Ripartenza ammaccata

Oggi il Paese riparte. Ammaccato, dolorante, convalescente, ma riparte. Un Paese dal tessuto economico compromesso, con rabbia e determinazione, riparte. Bar, ristoranti, parrucchieri, estetisti, negozi, palestre, ci si augura giorni migliori, ci si accontenta dei pochi clienti, ci si sforza di avere fiducia. Ma a volte è difficile. Quante serrande abbassate conteremo oggi? E domani? E tra un mese o due, quando si tornerà a pagare le imposte, e tante persone non ce la faranno?

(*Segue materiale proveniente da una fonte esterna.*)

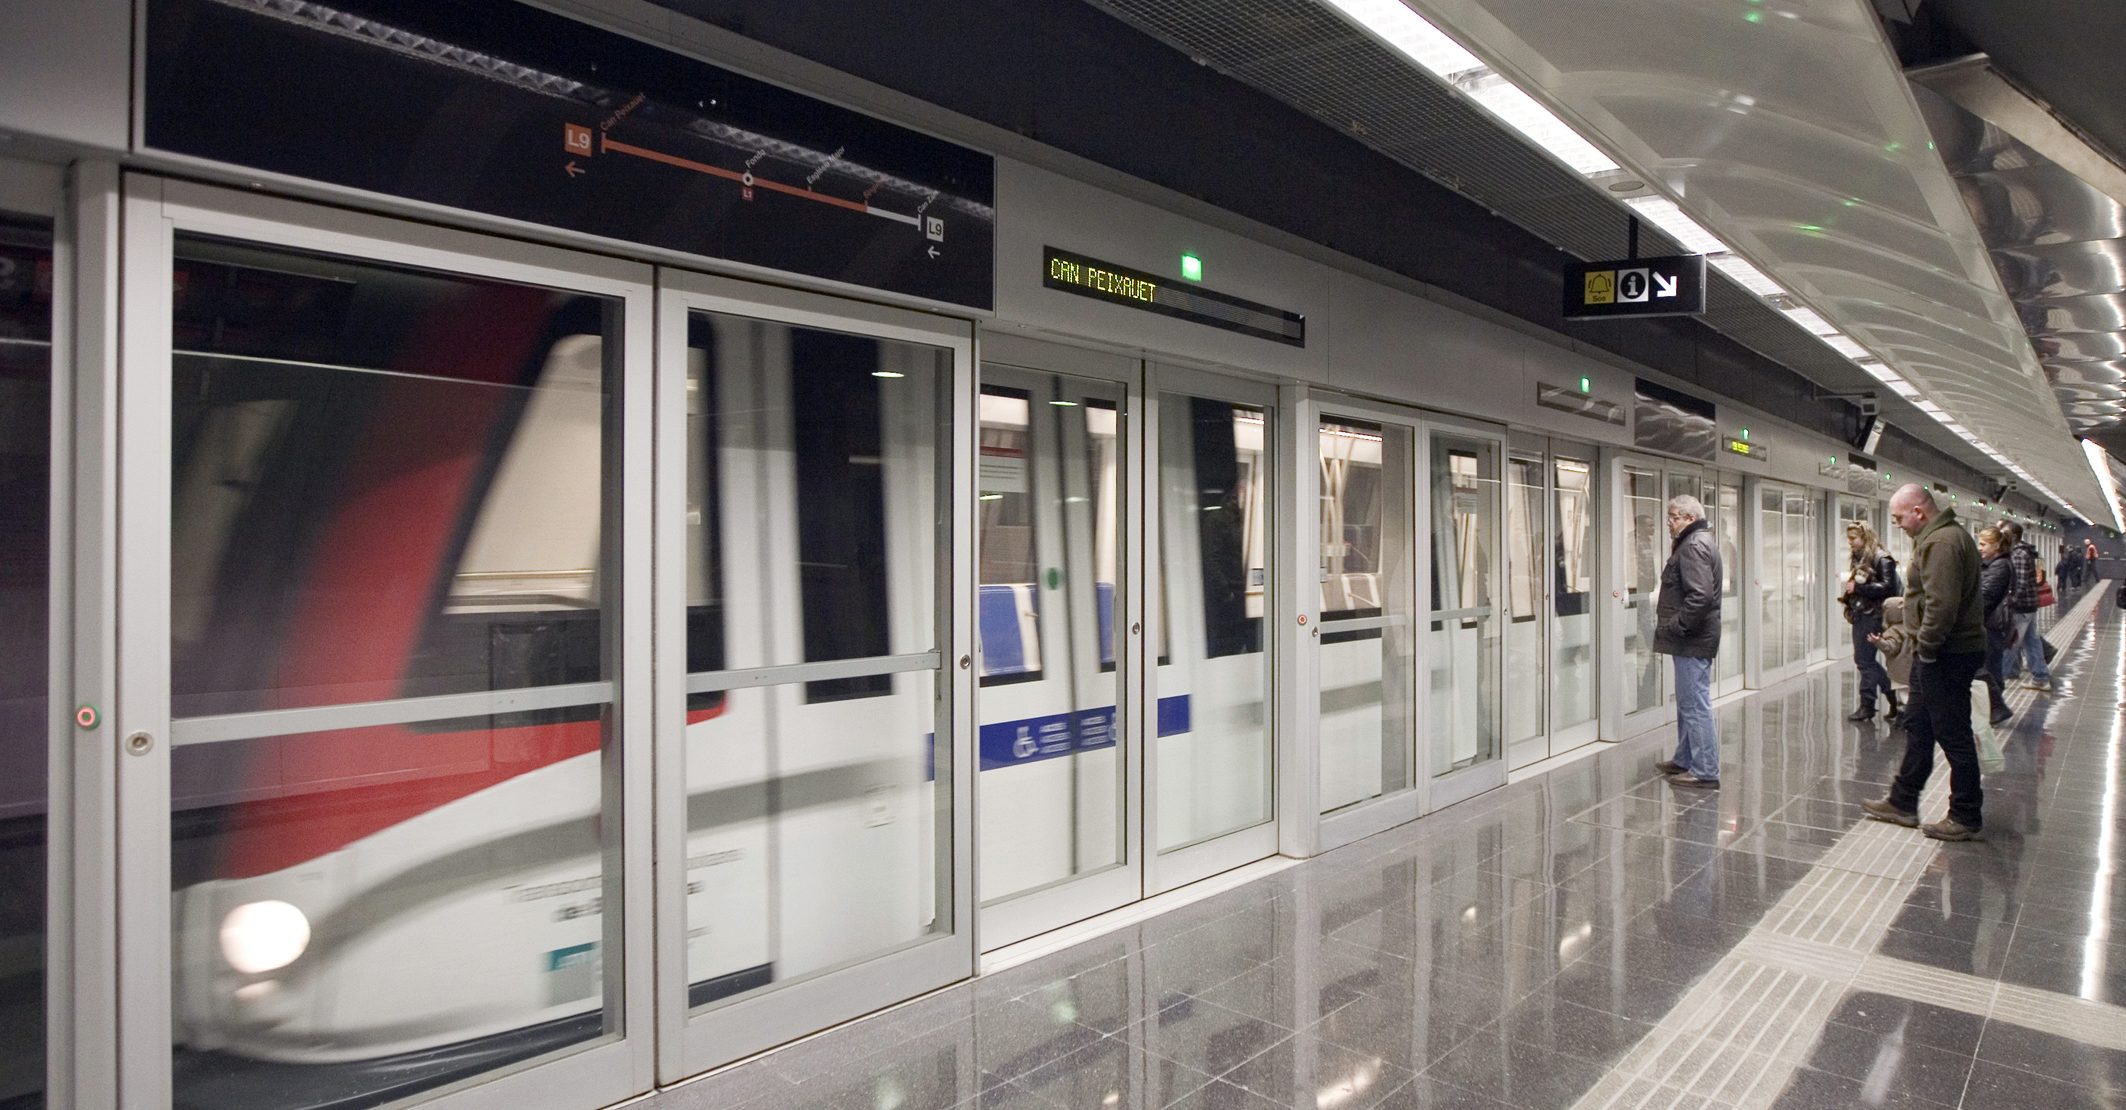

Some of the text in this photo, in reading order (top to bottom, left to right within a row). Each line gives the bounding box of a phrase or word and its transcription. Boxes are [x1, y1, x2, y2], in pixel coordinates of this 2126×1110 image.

[568, 129, 591, 150] L9
[928, 221, 942, 235] L9
[1051, 258, 1156, 302] CAN PEIXAUET
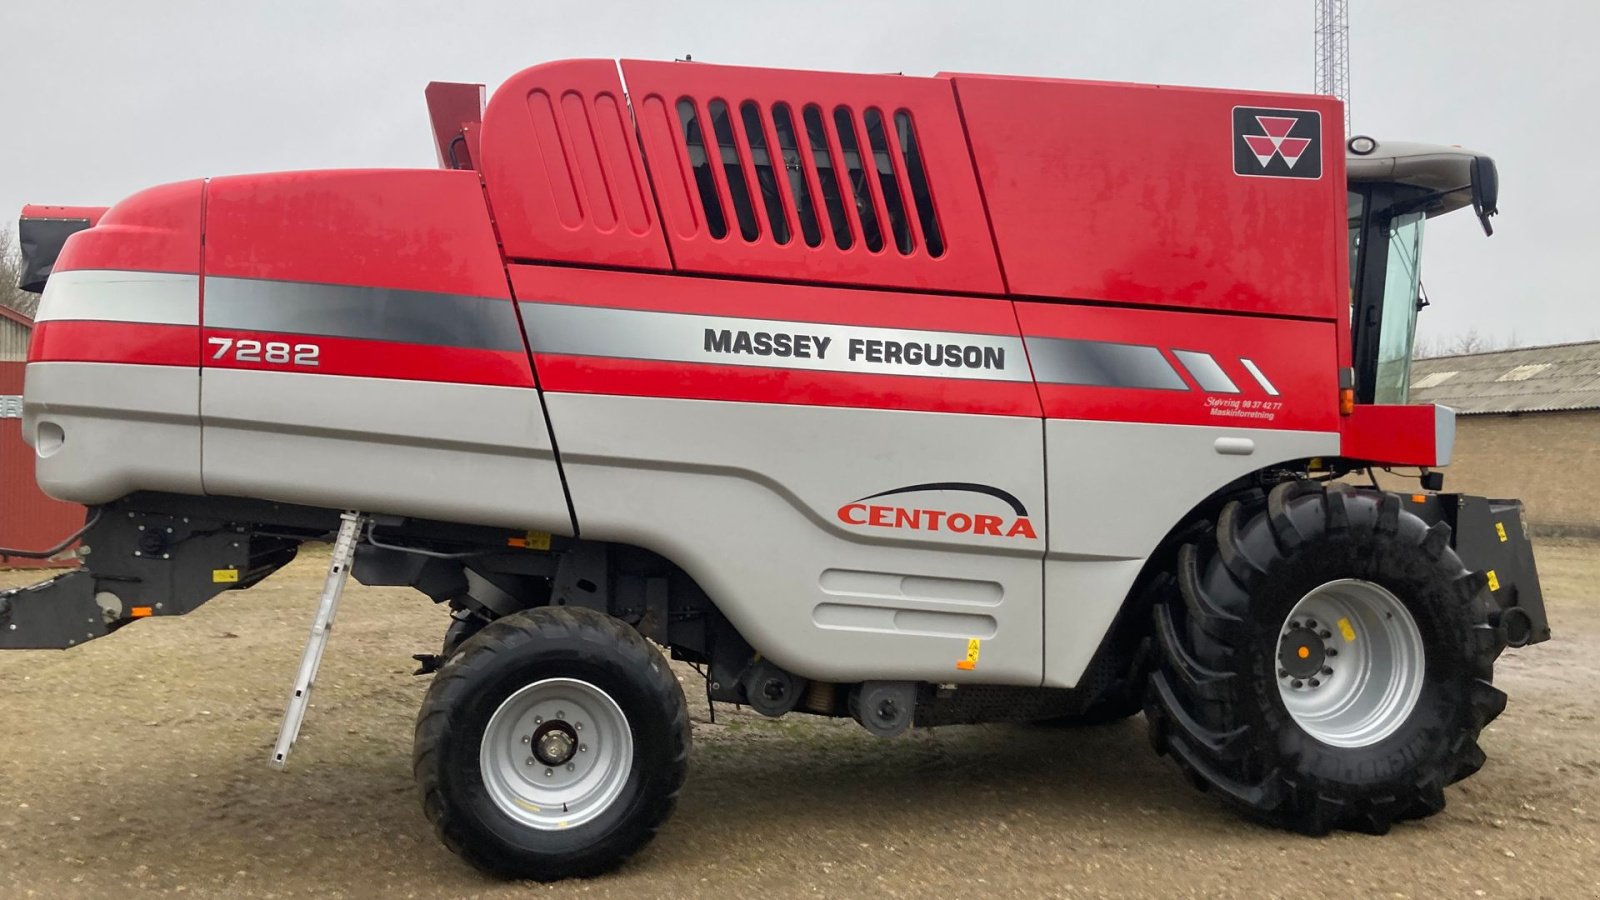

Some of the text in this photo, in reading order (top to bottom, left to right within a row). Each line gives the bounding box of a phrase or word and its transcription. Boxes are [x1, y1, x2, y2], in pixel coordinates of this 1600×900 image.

[208, 337, 320, 366] 7282
[704, 328, 1005, 370] MASSEY FERGUSON
[1204, 396, 1240, 410] Støvring
[1210, 407, 1275, 421] Maskinforretning
[837, 503, 1038, 539] CENTORA
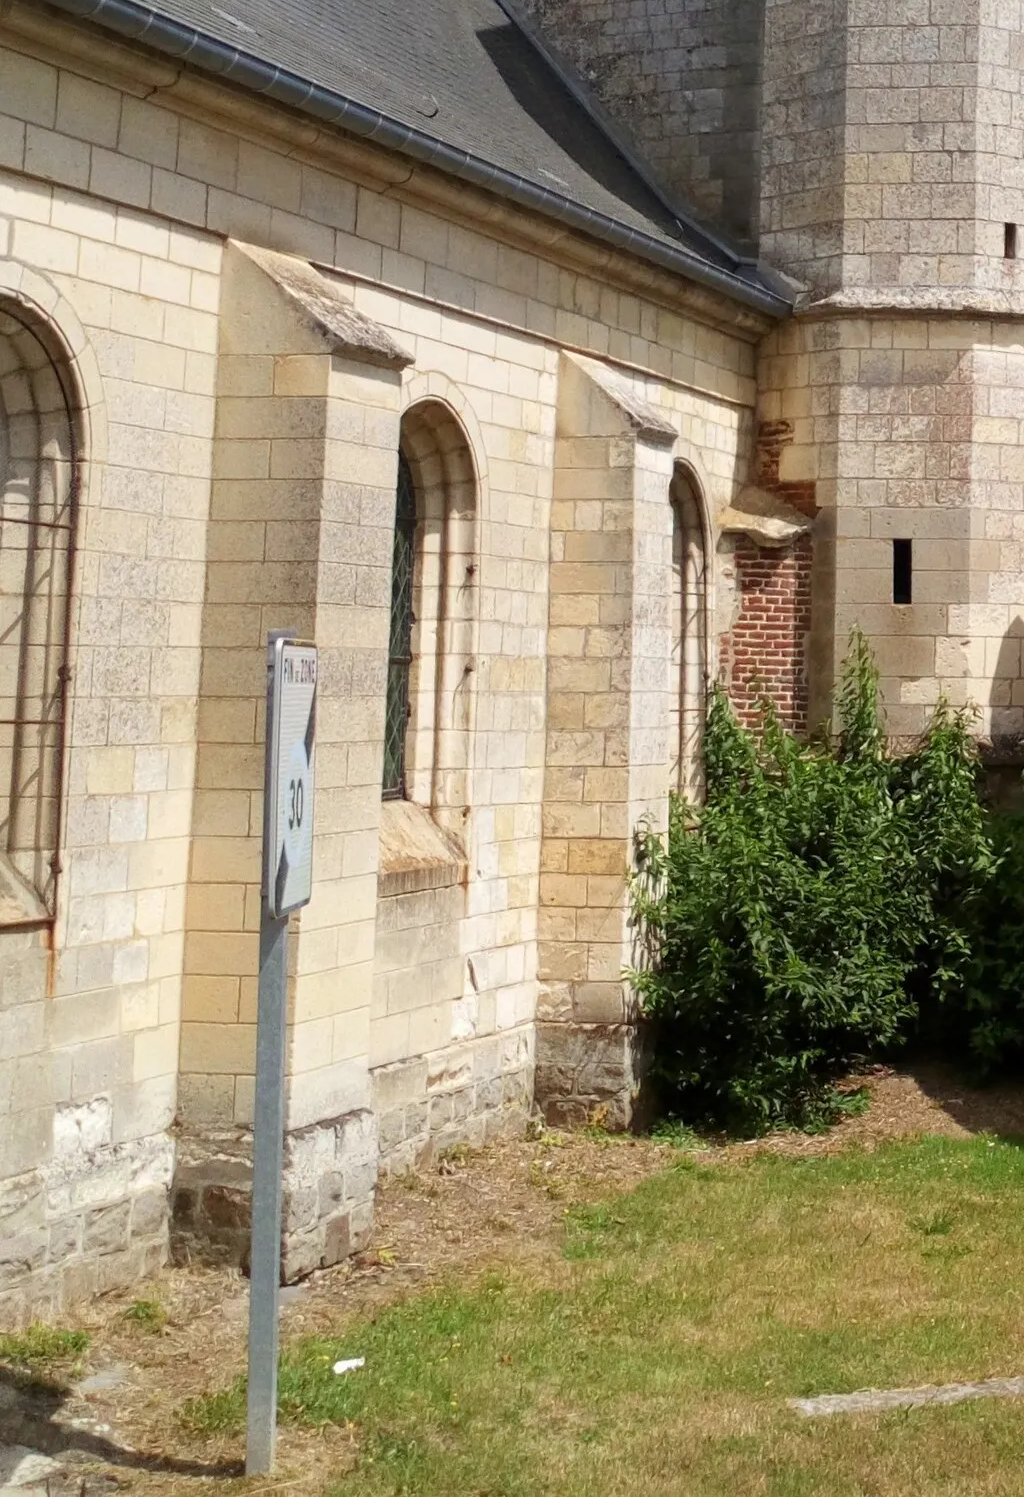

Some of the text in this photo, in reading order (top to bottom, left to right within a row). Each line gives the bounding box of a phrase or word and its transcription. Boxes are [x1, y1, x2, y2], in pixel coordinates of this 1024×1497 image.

[283, 657, 294, 683] FIN
[300, 658, 316, 684] ZONE
[288, 777, 304, 830] 30
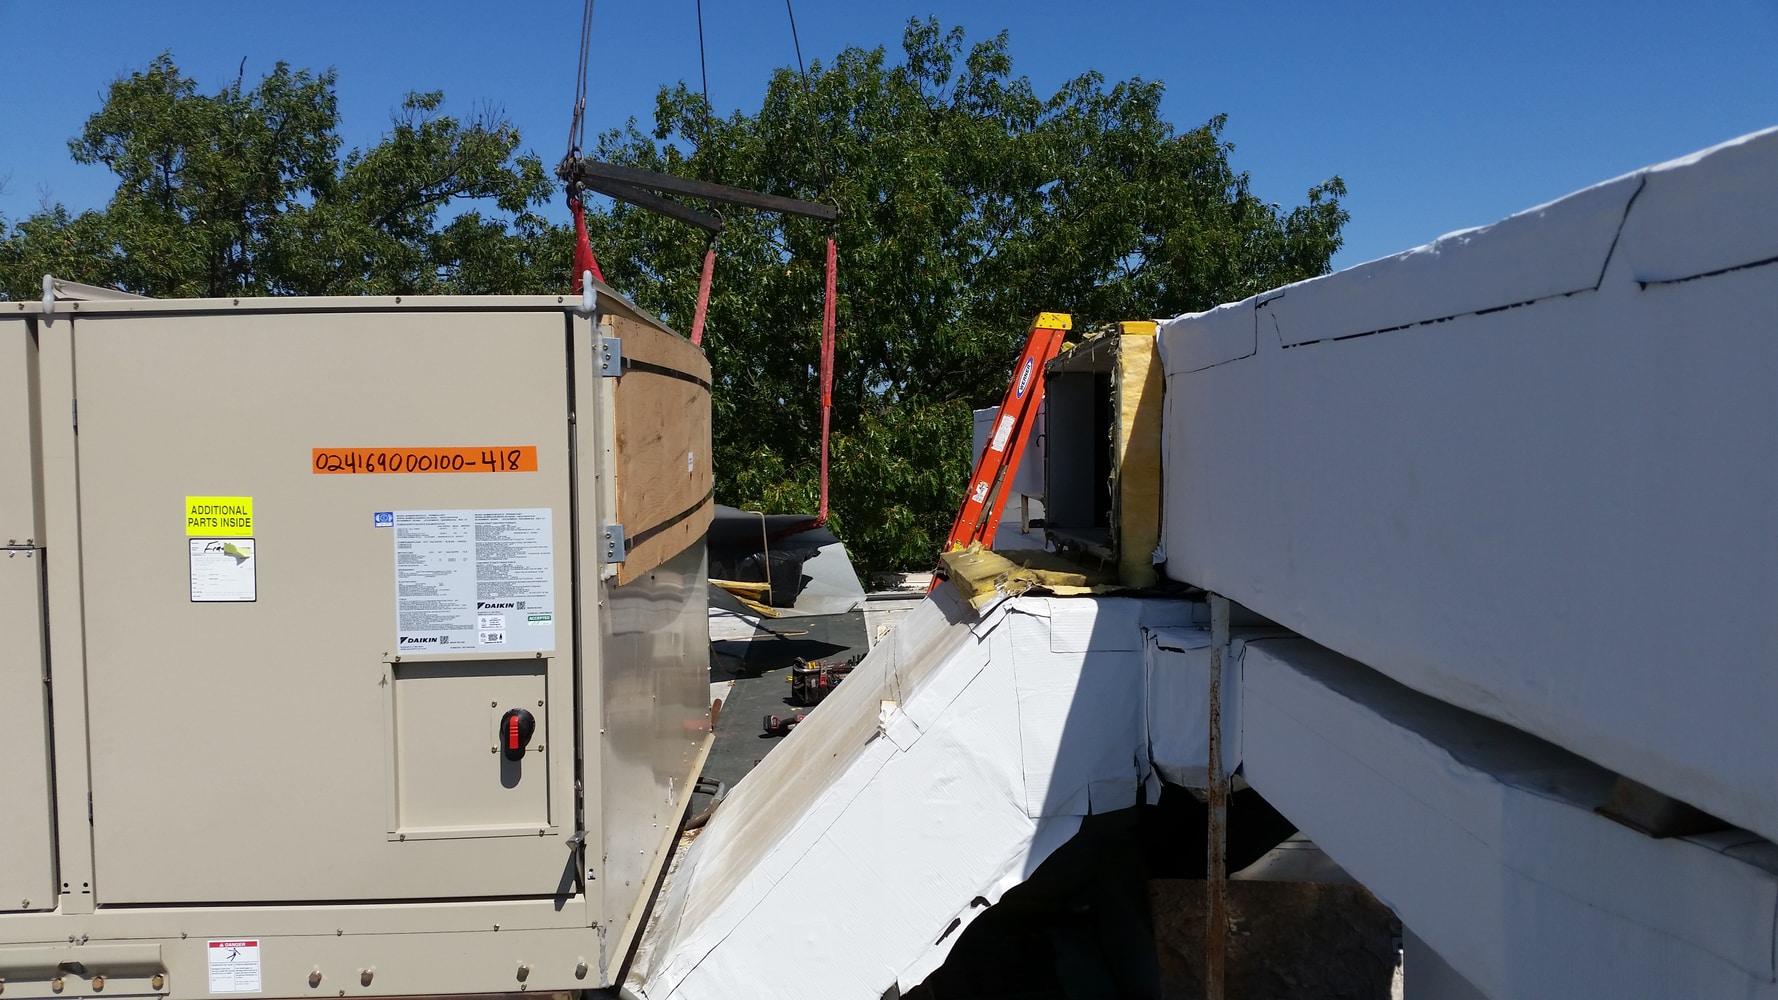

A metà febbraio il bar sotto casa mia ha cambiato gestione. Lo ha comprato una famiglia cinese, marito e moglie, gentilissimi, sempre sorridenti, con la voglia di imparare. Sono stati travolti da una situazione che non è mai stata sotto il controllo di nessuno. Ma oggi, il loro caffè, non lo compra nessuno. In dieci o venti persone sono in fila davanti al bar più lontano, quello che si fa pagare dieci centesimi in più, perché se lo può permettere, perché il quartiere è pieno di ricchi. Ma l’ingiustizia pesa. Vedere quel bar mezzo vuoto, e lui in piedi all’ingresso, in attesa dei pochi clienti che gli compreranno al massimo un caffè. L’altro giorno mio padre ha ordinato due brioches. Perchè sono buone, e perché non è giusto. Non è giusto che per caso e sfortuna ci rimettano le brave persone, quelle che ce la mettono tutta, che lavorano con passione, che hanno sempre il sorriso e non si lamentano mai. Nemmeno adesso, con le rate del mutuo da pagare, ha perso il suo sorriso.

C’è chi invece ha già lasciato perdere: è il bar di fronte alla mia università.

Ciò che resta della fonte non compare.